In experimental design terminology, the "experimental unit" is randomized to the treatment regimen and receives the treatment directly. The "observational unit" has measurements taken on it. In most clinical trials, the experimental units and the observational units are one and the same, namely, the individual patient
One exception to this is a community intervention trial in which communities, e.g., geographic regions, are randomized to treatments. For example, communities (experimental units) might be randomized to receive different formulations of a vaccine, whereas the effects are measured directly on the subjects (observational units) within the communities. The advantages here are strictly logistical - it is simply easier to implement in this fashion. Another example occurs in reproductive toxicology experiments in which female rodents are exposed to a treatment (experimental units) but measurements are taken on the pups (observational units).

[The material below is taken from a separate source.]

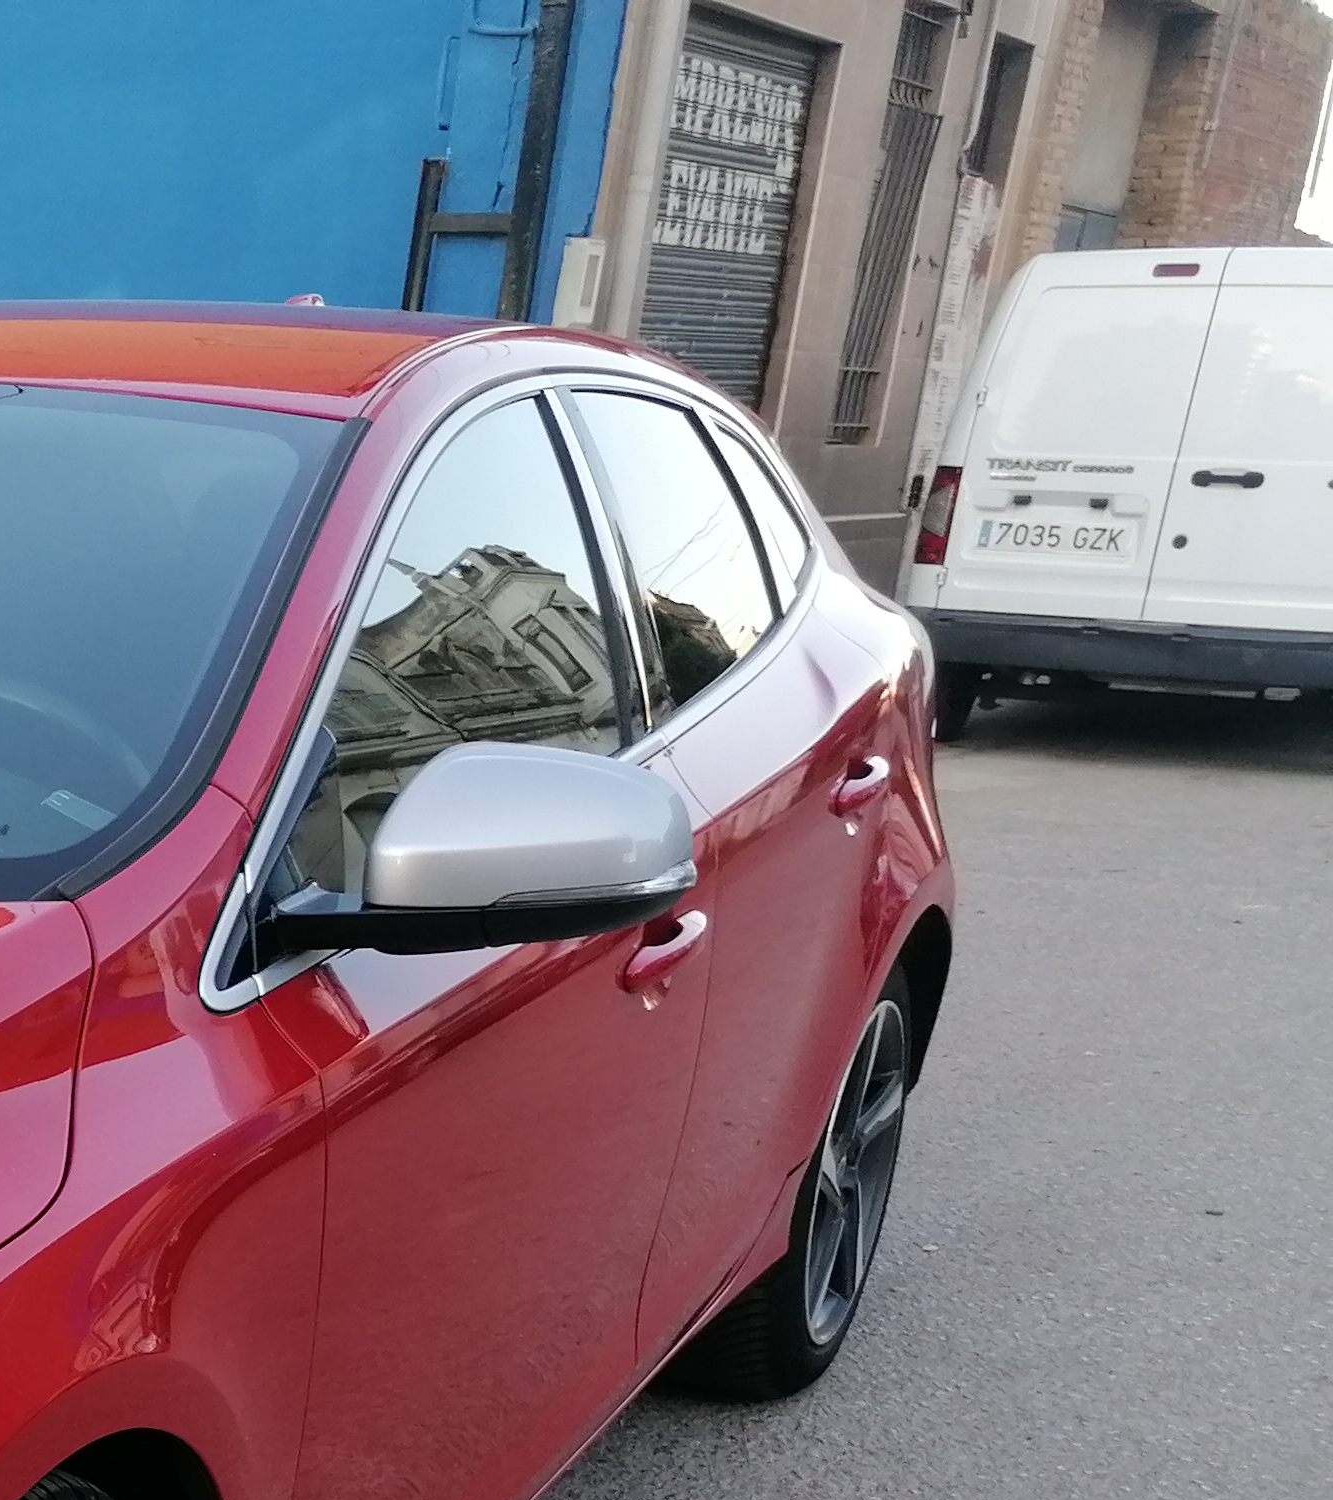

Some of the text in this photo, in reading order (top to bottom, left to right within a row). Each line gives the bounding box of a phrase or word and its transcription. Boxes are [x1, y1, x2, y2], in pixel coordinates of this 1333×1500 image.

[652, 157, 775, 255] EVANTE
[986, 457, 1072, 473] TRANSIT
[995, 522, 1062, 548] 7035
[1073, 526, 1125, 552] GZK

In experimental design terminology, factors are variables that are controlled and varied during the course of the experiment. For example, treatment is a factor in a clinical trial with experimental units randomized to treatment. Another example is pressure and temperature as factors in a chemical experiment.

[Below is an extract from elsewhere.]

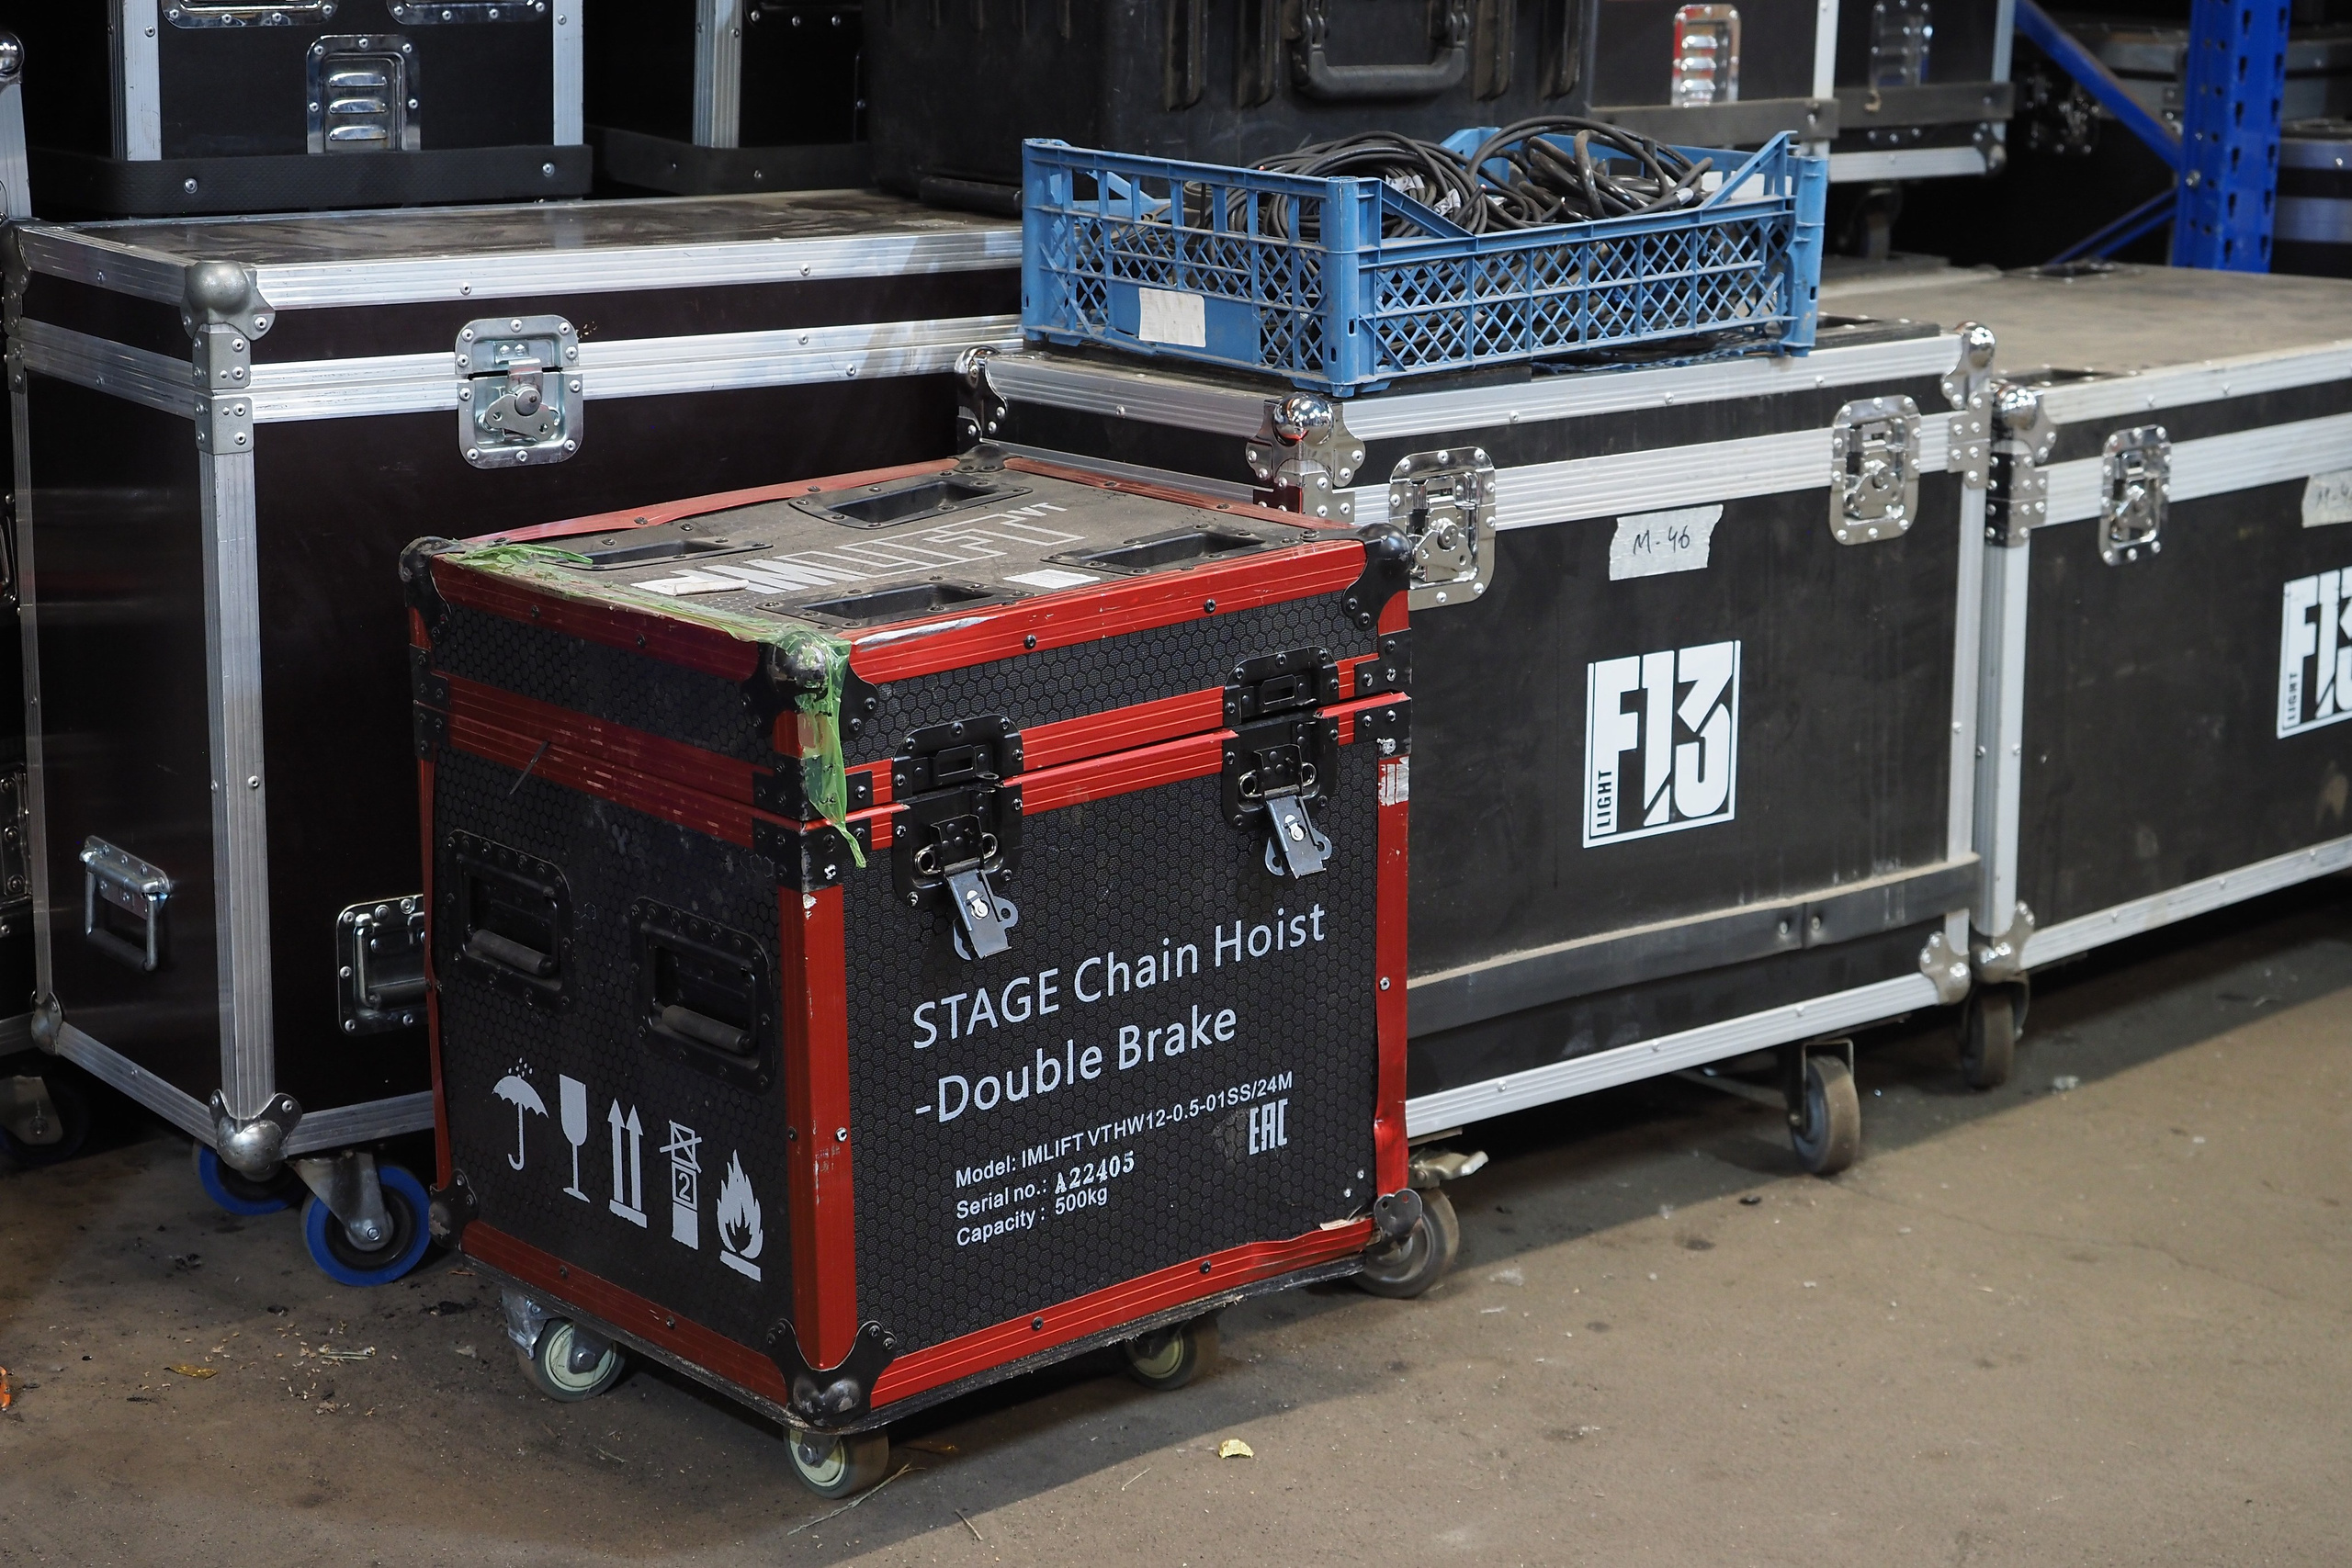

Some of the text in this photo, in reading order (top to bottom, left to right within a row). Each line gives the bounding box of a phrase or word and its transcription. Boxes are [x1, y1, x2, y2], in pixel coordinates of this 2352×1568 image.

Most clinical trials are structured as one-way designs, i.e., only one factor, treatment, with a few levels.
Temperature and pressure in the chemical experiment are two factors that comprise a two-way design in which it is of interest to examine various combinations of temperature and pressure. Some clinical trials may have a two-way factorial design, such as in oncology where various combinations of doses of two chemotherapeutic agents comprise the treatments. An incomplete factorial design may be useful if it is inappropriate to assign subjects to some of the possible treatment combinations, such as no treatment (double placebo). We will study factorial designs in a later lesson.
A parallel design refers to a study in which patients are randomized to a treatment and remain on that treatment throughout the course of the trial. This is a typical design. In contrast, with a crossover design patients are randomized to a sequence of treatments and they cross over from one treatment to another during the course of the trial. Each treatment occurs in a time period with a washout period in between. Crossover designs are of interest since with each patient serving as their own control, there is potential for reduced variability. However, there are potential problems with this type of design. There should be investigation into possible carry-over effects, i.e. the residual effects of the previous treatment affecting subject’s response in the later treatment period. In addition, only conditions that are likely to be similar in both treatment periods are amenable to crossover designs. Acute health problems that do not recur are not well-suited for a crossover study. We will study crossover design in a later lesson.
Randomization is used to remove systematic error (bias) and to justify Type I error probabilities in experiments. Randomization is recognized as an essential feature of clinical trials for removing selection bias.
Selection bias occurs when a physician decides treatment assignment and systematically selects a certain type of patient for a particular treatment.. Suppose the trial consists of an experimental therapy and a placebo. If the physician assigns healthier patients to the experimental therapy and the less healthy patients to the placebo, the study could result in an invalid conclusion that the experimental therapy is very effective.
Blocking and stratification are used to control unwanted variation. For example, suppose a clinical trial is structured to compare treatments A and B in patients between the ages of 18 and 65. Suppose that the younger patients tend to be healthier. It would be prudent to account for this in the design by stratifying with respect to age. One way to achieve this is to construct age groups of 18-30, 31-50, and 51-65 and to randomize patients to treatment within each age group.
Age | Treatment A | Treatment B |
18 - 30 | 12 | 13 |
31 - 50 | 23 | 23 |
51-65 | 6 | 7 |
It is not necessary to have the same number of patients within each age stratum. We do, however, want to have a balance in the number on each treatment within each age group. This is accomplished by blocking, in this case, within the age strata. Blocking is a restriction of the randomization process that results a balance of numbers of patients on each treatment after a prescribed number of randomizations. For example, blocks of 4 within these age strata would mean that after 4, 8, 12, etc. patients in a particular age group had entered the study, the numbers assigned to each treatment within that stratum would be equal.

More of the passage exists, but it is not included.